Title: Won't do the same

Disclaimer: Hetalia punya Himaruya. Grenade itu lagunya Bruno Mars.

Warning: OOC, AU, typo(s), Gajeness, Abalness, garing, EYD tidak sesuai, POV gaje, songfict...maybe?

Keterangan: Yang pakai embel-embel mu/kau itu bagian normal, atau yang terjadi di masa sekarang. Sedangkan yang pakai nama (misalnya Gilbert, dll) itu flashback.

A/N: Penyakit saya yang membuat saya terinspirasi membuat cerita ini. Oh, man!

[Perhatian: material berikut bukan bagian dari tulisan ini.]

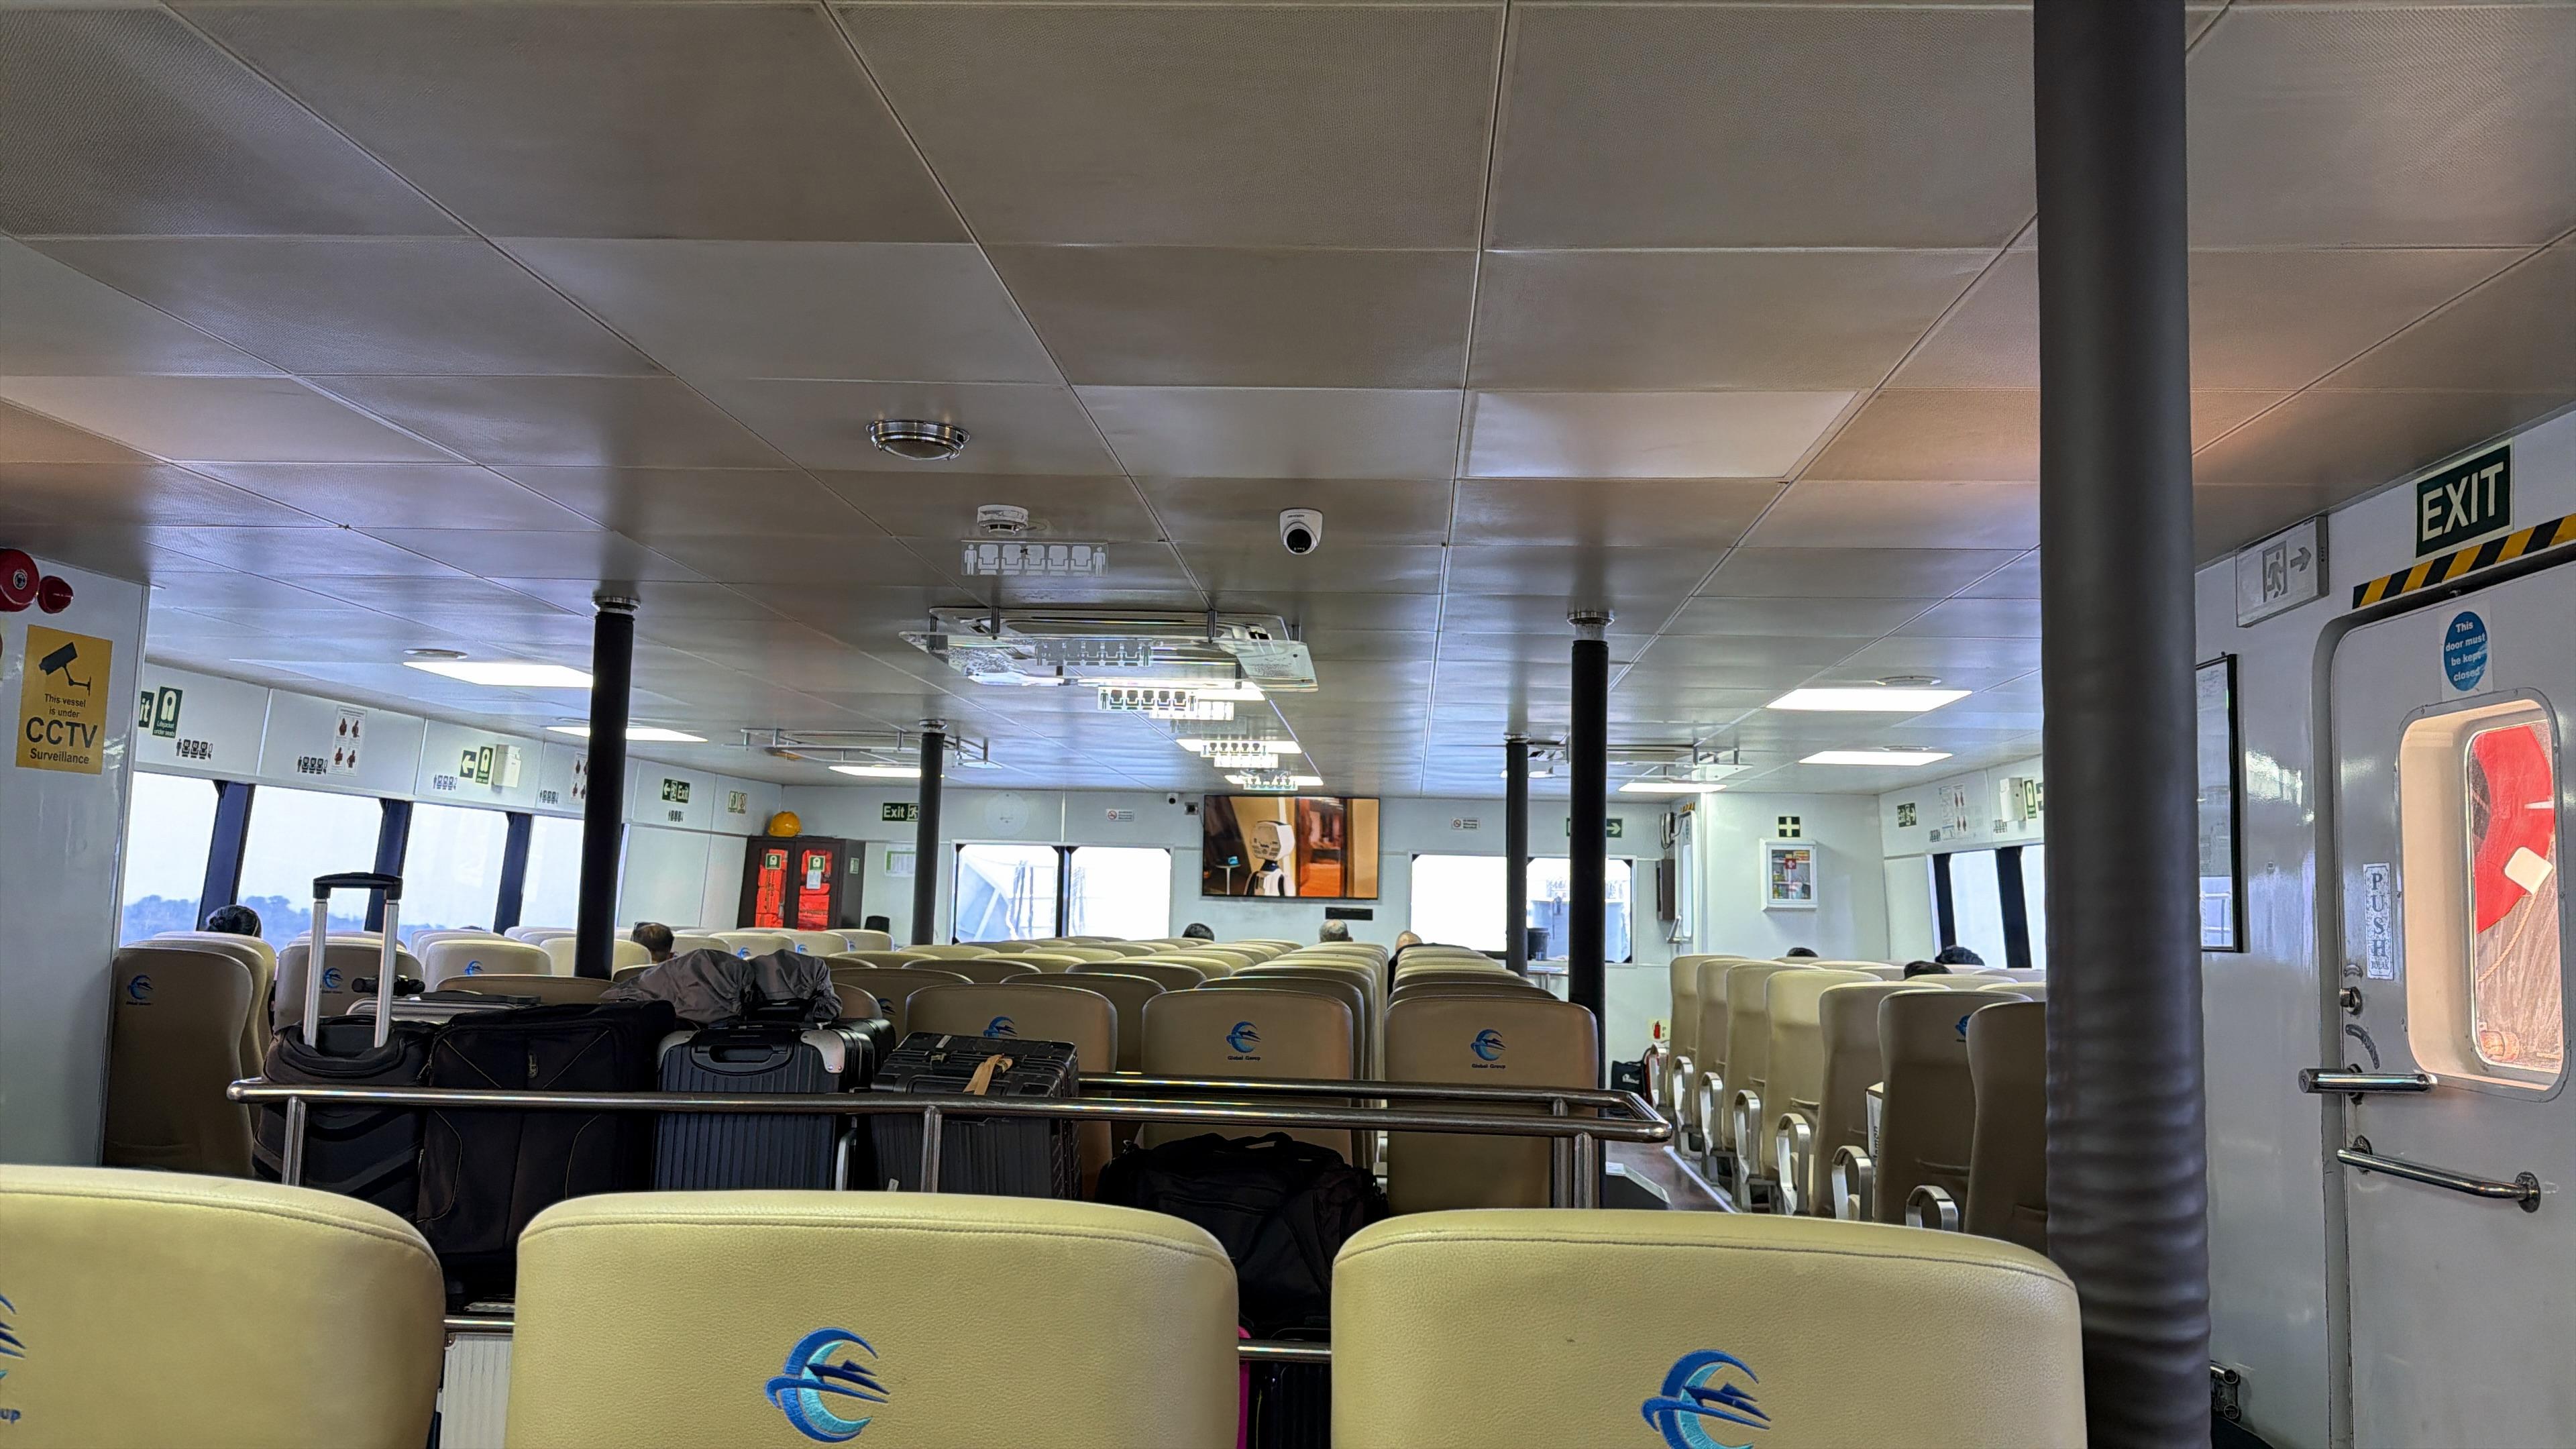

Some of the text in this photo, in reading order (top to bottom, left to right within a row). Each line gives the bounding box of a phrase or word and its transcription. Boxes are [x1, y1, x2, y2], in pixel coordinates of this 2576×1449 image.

[2422, 461, 2504, 541] EXIT
[2455, 621, 2474, 633] This
[2445, 633, 2486, 652] door must
[2451, 651, 2481, 666] be kept
[2453, 666, 2480, 682] closed
[44, 693, 86, 708] This vessel
[49, 706, 80, 718] is under
[139, 698, 150, 722] it
[25, 716, 98, 748] CCTV
[30, 747, 89, 764] Surveillance
[678, 784, 688, 800] Exit
[883, 805, 905, 818] Exit
[2371, 873, 2387, 957] PUSH
[0, 1409, 21, 1424] up

Bahkan One Hundred Worlds saja belum dipublish! (FYI, itu ff collab saya dengan Kuroi Onee-san~ /promo /dibuang). Oke, dari pada makin ngelantur, langsung saja.

Don't like don't read.

.

.


Mata rubi itu memandang kosong atap kamarnya. Kembali menghela napas, dan menatap bingkai foto. Gadis itu. Wanita itu. Yang telah merebut hatimu dan kini meninggalkanmu begitu saja. Oh, bahkan dia pergi kencan dengan orang lain di depanmu dan tidak mengakuimu.

"—mati saja."

Seakan berkesan mengejekmu, lagu itu kembali berputar melalui radio kecil yang dihadiahkan adikmu pada ulang tahunmu bulan lalu.

Melirik sebentar kearah sumber suara, mengambil earphone, memakai jaket...

... dan memutuskan menembus angin malam serta kegelapan.


Easy come, Easy go, that's just how you live, oh

Take, take, take it all but you never give

Should've known you was trouble from the first kiss

Had your eyes wide open, why were they open?


Gilbert tahu sebenarnya hal yang kemarin terjadi adalah masalah besar. Ya, dia tahu.

Kemarin malam di bar, Gilbert tak sengaja mencium wanita bersurai coklat itu setelah tersandung kabel yang berantakan. Hah, kabel pembawa petaka.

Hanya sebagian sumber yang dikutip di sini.